THE PROBLEM:
Provide an exact repetition of every entry, with no word altered.

Dataset entries
# # # #

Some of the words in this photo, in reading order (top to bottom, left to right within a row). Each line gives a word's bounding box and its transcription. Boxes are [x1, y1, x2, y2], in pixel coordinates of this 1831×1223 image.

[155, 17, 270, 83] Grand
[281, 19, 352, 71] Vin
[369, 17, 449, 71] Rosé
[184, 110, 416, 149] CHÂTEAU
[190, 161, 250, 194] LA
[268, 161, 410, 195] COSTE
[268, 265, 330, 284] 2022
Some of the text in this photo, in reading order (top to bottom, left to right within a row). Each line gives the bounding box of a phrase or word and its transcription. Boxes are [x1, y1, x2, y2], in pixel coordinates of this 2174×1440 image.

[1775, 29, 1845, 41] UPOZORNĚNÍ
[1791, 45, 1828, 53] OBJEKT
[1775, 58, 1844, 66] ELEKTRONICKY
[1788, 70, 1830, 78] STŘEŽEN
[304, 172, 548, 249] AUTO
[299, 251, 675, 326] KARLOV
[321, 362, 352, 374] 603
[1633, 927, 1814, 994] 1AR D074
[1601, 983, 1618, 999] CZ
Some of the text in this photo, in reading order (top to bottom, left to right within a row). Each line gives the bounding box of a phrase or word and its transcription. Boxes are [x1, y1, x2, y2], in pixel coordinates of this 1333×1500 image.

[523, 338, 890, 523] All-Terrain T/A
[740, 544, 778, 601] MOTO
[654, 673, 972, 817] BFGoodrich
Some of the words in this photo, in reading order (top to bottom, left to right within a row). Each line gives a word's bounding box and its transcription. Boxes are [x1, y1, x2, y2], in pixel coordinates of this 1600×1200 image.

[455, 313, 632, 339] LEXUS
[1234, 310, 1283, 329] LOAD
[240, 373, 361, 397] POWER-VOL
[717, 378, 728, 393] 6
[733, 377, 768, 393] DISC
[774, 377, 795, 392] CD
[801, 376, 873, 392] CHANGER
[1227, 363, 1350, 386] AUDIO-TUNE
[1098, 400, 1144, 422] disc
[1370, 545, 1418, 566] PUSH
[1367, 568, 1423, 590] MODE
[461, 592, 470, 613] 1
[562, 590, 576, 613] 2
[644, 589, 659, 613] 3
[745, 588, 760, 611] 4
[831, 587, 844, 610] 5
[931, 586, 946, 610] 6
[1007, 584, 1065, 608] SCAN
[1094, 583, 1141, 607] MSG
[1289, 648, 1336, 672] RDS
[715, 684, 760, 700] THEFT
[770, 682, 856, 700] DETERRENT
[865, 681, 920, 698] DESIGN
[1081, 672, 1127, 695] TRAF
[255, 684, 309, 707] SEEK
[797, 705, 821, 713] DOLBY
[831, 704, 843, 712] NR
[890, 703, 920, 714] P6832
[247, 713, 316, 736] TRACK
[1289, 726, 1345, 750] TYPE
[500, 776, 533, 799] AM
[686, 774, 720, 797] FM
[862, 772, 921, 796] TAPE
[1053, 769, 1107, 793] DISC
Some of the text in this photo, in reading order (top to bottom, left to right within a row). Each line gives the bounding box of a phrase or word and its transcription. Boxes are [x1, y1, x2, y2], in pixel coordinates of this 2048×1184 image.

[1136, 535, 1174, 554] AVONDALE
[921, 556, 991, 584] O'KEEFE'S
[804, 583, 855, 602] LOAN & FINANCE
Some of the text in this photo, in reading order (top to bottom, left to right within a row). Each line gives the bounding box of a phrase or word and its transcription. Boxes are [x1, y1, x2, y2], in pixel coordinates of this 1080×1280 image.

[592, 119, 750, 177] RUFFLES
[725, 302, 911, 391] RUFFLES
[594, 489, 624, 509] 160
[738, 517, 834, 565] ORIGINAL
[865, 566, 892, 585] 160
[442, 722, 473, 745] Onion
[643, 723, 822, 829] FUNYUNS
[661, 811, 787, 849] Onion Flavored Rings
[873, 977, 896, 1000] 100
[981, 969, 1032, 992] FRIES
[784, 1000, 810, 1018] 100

# # # #

SOLUTION:
Some of the words in this photo, in reading order (top to bottom, left to right within a row). Each line gives a word's bounding box and its transcription. Boxes are [x1, y1, x2, y2], in pixel coordinates of this 1831×1223 image.

[155, 17, 270, 83] Grand
[281, 19, 352, 71] Vin
[369, 17, 449, 71] Rosé
[184, 110, 416, 149] CHÂTEAU
[190, 161, 250, 194] LA
[268, 161, 410, 195] COSTE
[268, 265, 330, 284] 2022
Some of the text in this photo, in reading order (top to bottom, left to right within a row). Each line gives the bounding box of a phrase or word and its transcription. Boxes are [x1, y1, x2, y2], in pixel coordinates of this 2174×1440 image.

[1775, 29, 1845, 41] UPOZORNĚNÍ
[1791, 45, 1828, 53] OBJEKT
[1775, 58, 1844, 66] ELEKTRONICKY
[1788, 70, 1830, 78] STŘEŽEN
[304, 172, 548, 249] AUTO
[299, 251, 675, 326] KARLOV
[321, 362, 352, 374] 603
[1633, 927, 1814, 994] 1AR D074
[1601, 983, 1618, 999] CZ
Some of the text in this photo, in reading order (top to bottom, left to right within a row). Each line gives the bounding box of a phrase or word and its transcription. Boxes are [x1, y1, x2, y2], in pixel coordinates of this 1333×1500 image.

[523, 338, 890, 523] All-Terrain T/A
[740, 544, 778, 601] MOTO
[654, 673, 972, 817] BFGoodrich
Some of the words in this photo, in reading order (top to bottom, left to right within a row). Each line gives a word's bounding box and its transcription. Boxes are [x1, y1, x2, y2], in pixel coordinates of this 1600×1200 image.

[455, 313, 632, 339] LEXUS
[1234, 310, 1283, 329] LOAD
[240, 373, 361, 397] POWER-VOL
[717, 378, 728, 393] 6
[733, 377, 768, 393] DISC
[774, 377, 795, 392] CD
[801, 376, 873, 392] CHANGER
[1227, 363, 1350, 386] AUDIO-TUNE
[1098, 400, 1144, 422] disc
[1370, 545, 1418, 566] PUSH
[1367, 568, 1423, 590] MODE
[461, 592, 470, 613] 1
[562, 590, 576, 613] 2
[644, 589, 659, 613] 3
[745, 588, 760, 611] 4
[831, 587, 844, 610] 5
[931, 586, 946, 610] 6
[1007, 584, 1065, 608] SCAN
[1094, 583, 1141, 607] MSG
[1289, 648, 1336, 672] RDS
[715, 684, 760, 700] THEFT
[770, 682, 856, 700] DETERRENT
[865, 681, 920, 698] DESIGN
[1081, 672, 1127, 695] TRAF
[255, 684, 309, 707] SEEK
[797, 705, 821, 713] DOLBY
[831, 704, 843, 712] NR
[890, 703, 920, 714] P6832
[247, 713, 316, 736] TRACK
[1289, 726, 1345, 750] TYPE
[500, 776, 533, 799] AM
[686, 774, 720, 797] FM
[862, 772, 921, 796] TAPE
[1053, 769, 1107, 793] DISC
Some of the text in this photo, in reading order (top to bottom, left to right within a row). Each line gives the bounding box of a phrase or word and its transcription. Boxes are [x1, y1, x2, y2], in pixel coordinates of this 2048×1184 image.

[1136, 535, 1174, 554] AVONDALE
[921, 556, 991, 584] O'KEEFE'S
[804, 583, 855, 602] LOAN & FINANCE
Some of the text in this photo, in reading order (top to bottom, left to right within a row). Each line gives the bounding box of a phrase or word and its transcription. Boxes are [x1, y1, x2, y2], in pixel coordinates of this 1080×1280 image.

[592, 119, 750, 177] RUFFLES
[725, 302, 911, 391] RUFFLES
[594, 489, 624, 509] 160
[738, 517, 834, 565] ORIGINAL
[865, 566, 892, 585] 160
[442, 722, 473, 745] Onion
[643, 723, 822, 829] FUNYUNS
[661, 811, 787, 849] Onion Flavored Rings
[873, 977, 896, 1000] 100
[981, 969, 1032, 992] FRIES
[784, 1000, 810, 1018] 100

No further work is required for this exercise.